Doctors recommend mountain ash for radiation exposure, oncology.
So why is black chokeberry so useful, and why is the range of its applications so wide? The explanation is quite simple. It's all about its unique composition. The berries of Aronia contain almost all the vitamins that a person needs:
- Kerotine, manganese, vitamins B, A, C, phosphorus.
- Various trace elements, including high iodine, boron, molybdenum.
- Salt acid, pectin.
- Anthocyanin.
Chokeberry harm
Sometimes people think that since the berry is useful, then there will be no harm from it. However, this is completely wrong. Used uncontrolled, it can do more harm than good. It is worth paying close attention to which berries you eat. They may be underripe. Or, on the contrary, overripe. Some may deteriorate, wrinkle or rot. Such a product must be immediately taken away and thrown away.
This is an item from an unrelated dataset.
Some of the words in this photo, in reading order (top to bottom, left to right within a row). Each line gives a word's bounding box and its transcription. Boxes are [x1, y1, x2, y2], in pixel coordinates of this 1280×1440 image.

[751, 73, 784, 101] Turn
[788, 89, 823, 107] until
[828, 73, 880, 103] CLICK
Berries of a dark color, tough to the touch and with a shiny skin are suitable for eating.
Chokeberry contains a large amount of acid, so people suffering from high acidity should not eat it.
Chokeberry contraindications
Every medal has a downside. So it is with chokeberry. Despite all the help that it can bring to the body, the damage from it is also not small. Therefore, before leaning on berries, you should familiarize yourself with the contraindications. Or consult a doctor if you have concerns.
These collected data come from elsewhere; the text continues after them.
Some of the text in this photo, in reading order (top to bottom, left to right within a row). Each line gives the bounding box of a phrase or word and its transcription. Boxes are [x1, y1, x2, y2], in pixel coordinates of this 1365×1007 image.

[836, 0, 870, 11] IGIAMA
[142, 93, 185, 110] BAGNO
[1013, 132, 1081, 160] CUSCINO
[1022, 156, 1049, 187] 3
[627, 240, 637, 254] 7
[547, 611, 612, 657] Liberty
To avoid trouble, remember that people suffering from the following diseases must either give up the use of mountain ash, or reduce to a minimum:
- high and low blood pressure;
- gastric diseases such as ulcers and gastritis;
- thrombosis;
- varicose veins.
Chokeberry wine
Aronia berries make excellent tinctures, liqueurs and very tasty wine.
Blackberry wine is ruby-colored, with a tart taste. Very often winemakers mix berry juice with another juice to make the wine taste softer.
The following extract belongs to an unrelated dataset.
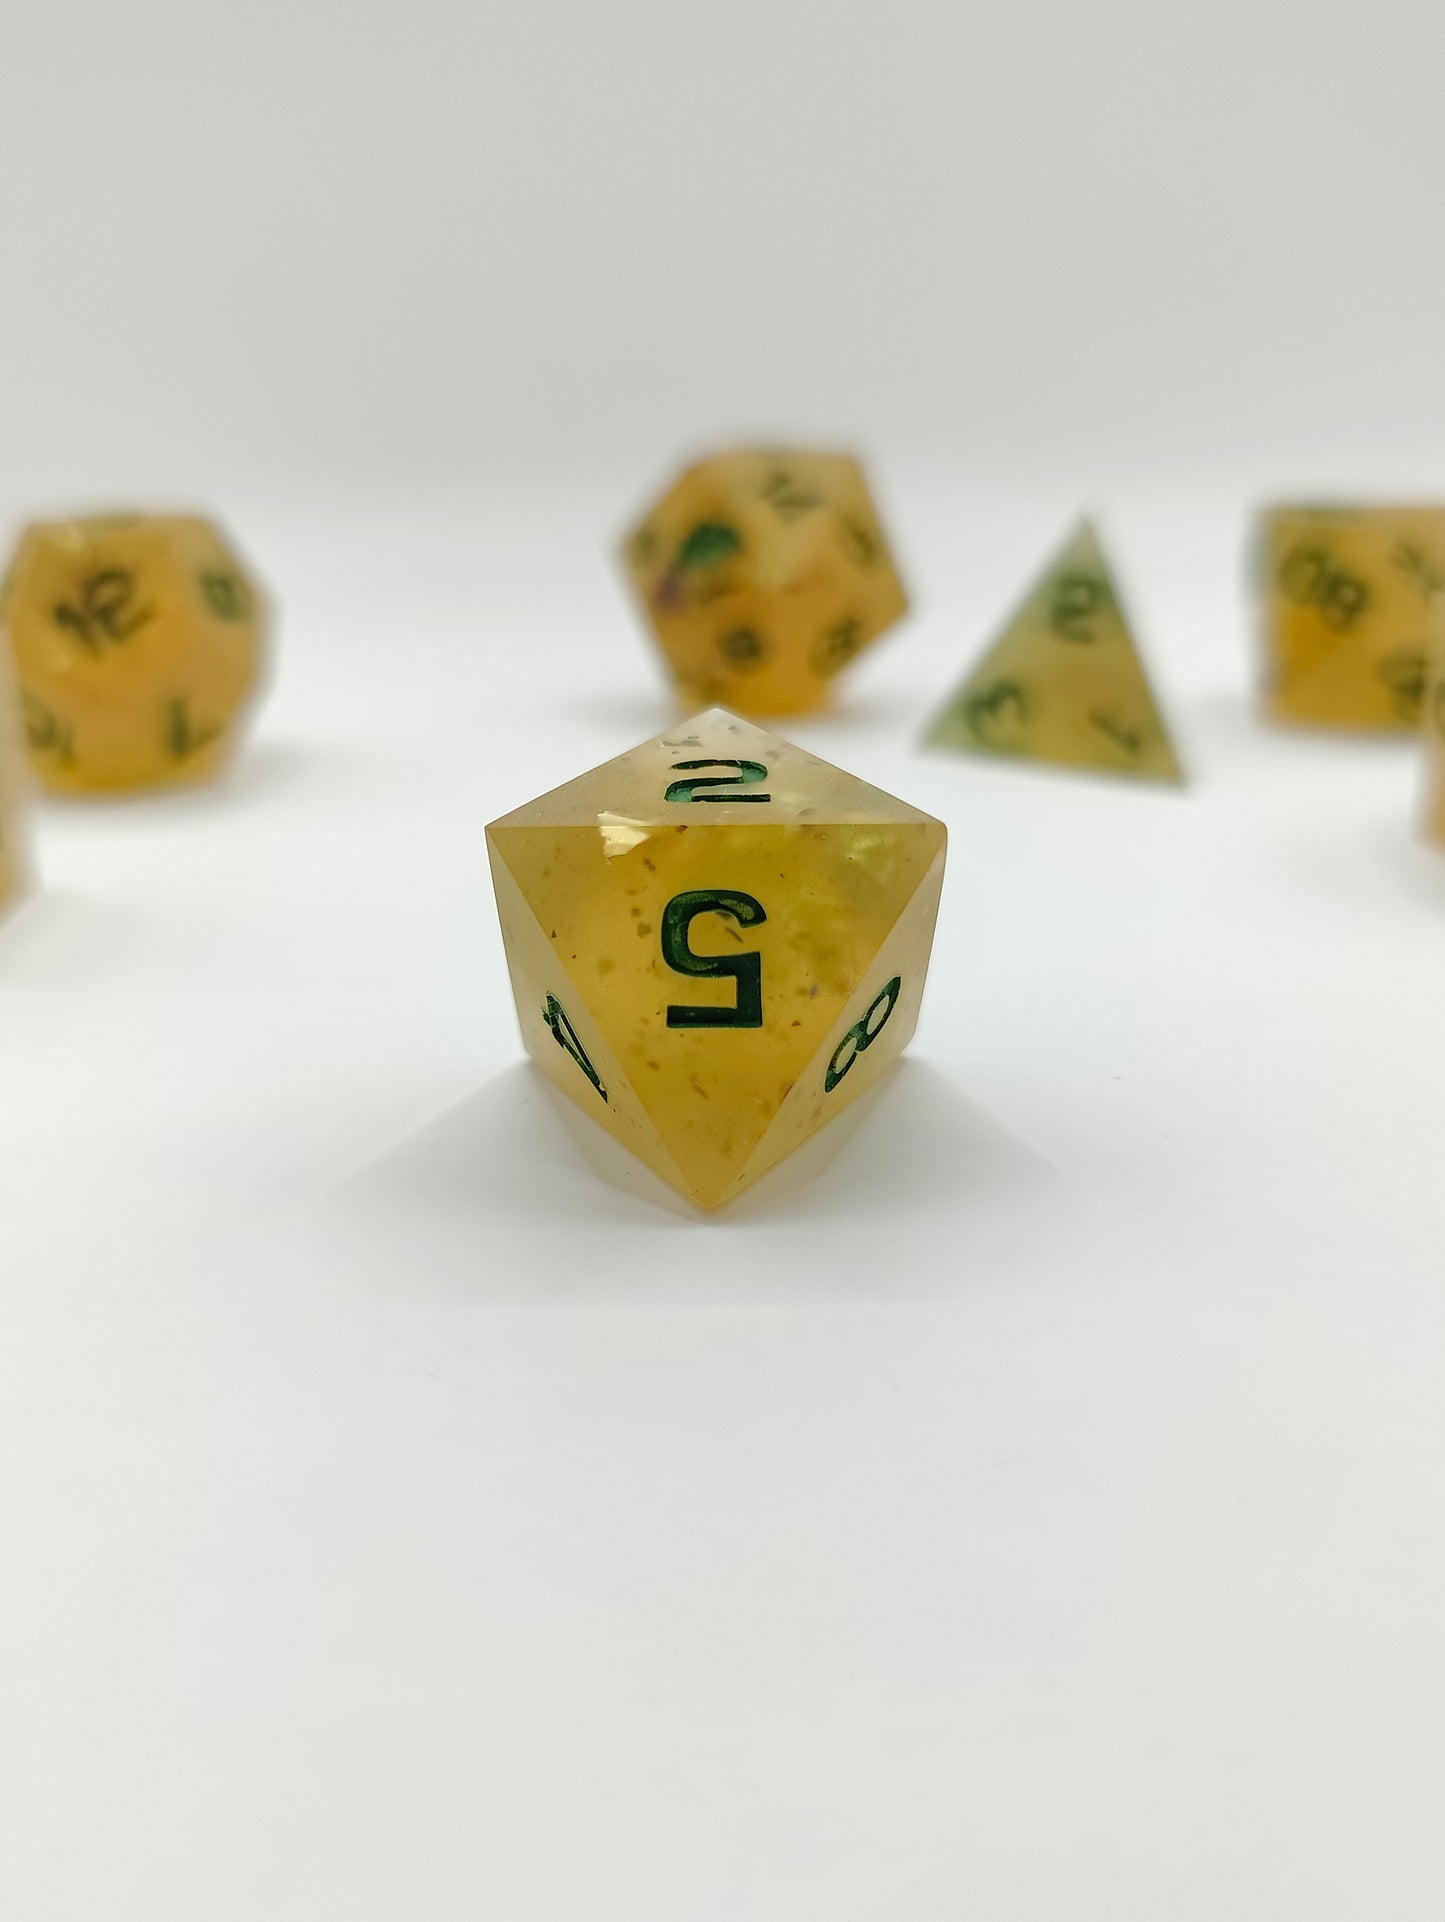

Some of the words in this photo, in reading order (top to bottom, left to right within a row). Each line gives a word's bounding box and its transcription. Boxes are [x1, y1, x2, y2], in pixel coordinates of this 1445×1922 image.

[664, 758, 772, 803] 2
[661, 889, 768, 1029] 5
[824, 975, 901, 1093] 8
The main and most difficult process is getting juice. To squeeze out a sufficient amount without much loss and with a minimum investment of time, there are several ways:
- squeezing juice in a standard way (using a press, sieve, juicer);
- obtaining juice by fermenting the pulp;
- application of Cahors technology.
Ripe, fresh berries are required to make wine. Aronia fully matures towards the end of September.
To make black chokeberry wine, you will need:
- the berries themselves (peeled of stalks and debris, if any) ten kilograms;
- sugar about five kilograms;
- raisins (do not wash) one hundred grams;
- two liters of water.
- Prepare a container for the berries in advance. Transfer the fruits well using the means at hand. Place in prepared container.
- Pour in one and a half kilograms of sugar. Stir and add raisins. It will help start fermentation and is used as an alternative to yeast. Stir again.
- Cover the prepared container with gauze and place in a warm place. Every day during the fermentation period, stir the pulp and beat off the foam that forms on top.
- After the termination of the fermentation process of berries, squeeze the juice out of them. To do this, use a press, drushlag, thick cloth. What do you like more.
- Pour the juice into a prepared container. Leave it half empty. Close it with a water seal. If not available, you can use ordinary medical rubber gloves. Just pierce a few fingers with a needle.
- Add sugar to the pulp that you have left, about two or two and a half kilograms and fill it with warm water no higher than thirty degrees. Stir, cover with gauze again and leave for a week. Remember to stir. After a week has passed, separate the juice again and add it to the first drained "wine". Leave it to ferment under a water seal.
- After another week, pour off half a liter and stir with a kilogram of sugar. Add the resulting syrup to the fermenting wine.
Then the wine ferments for another two months, sometimes a little less. During this period, it is necessary to separate it from the sediment. This is done using an ordinary tube. The drained wine is poured into bottles (clean and dry), a water seal is put on them, then placed in a cool room (not less than eight, not more than fifteen degrees). There wine ferments for another six months. If during this period a sediment forms in the wine, it must be removed.
Already finished wine is poured into bottles and closes well. Store it in a cool place, such as a basement. The shelf life of such wine is up to five years. In terms of strength, it turns out to be about twelve degrees.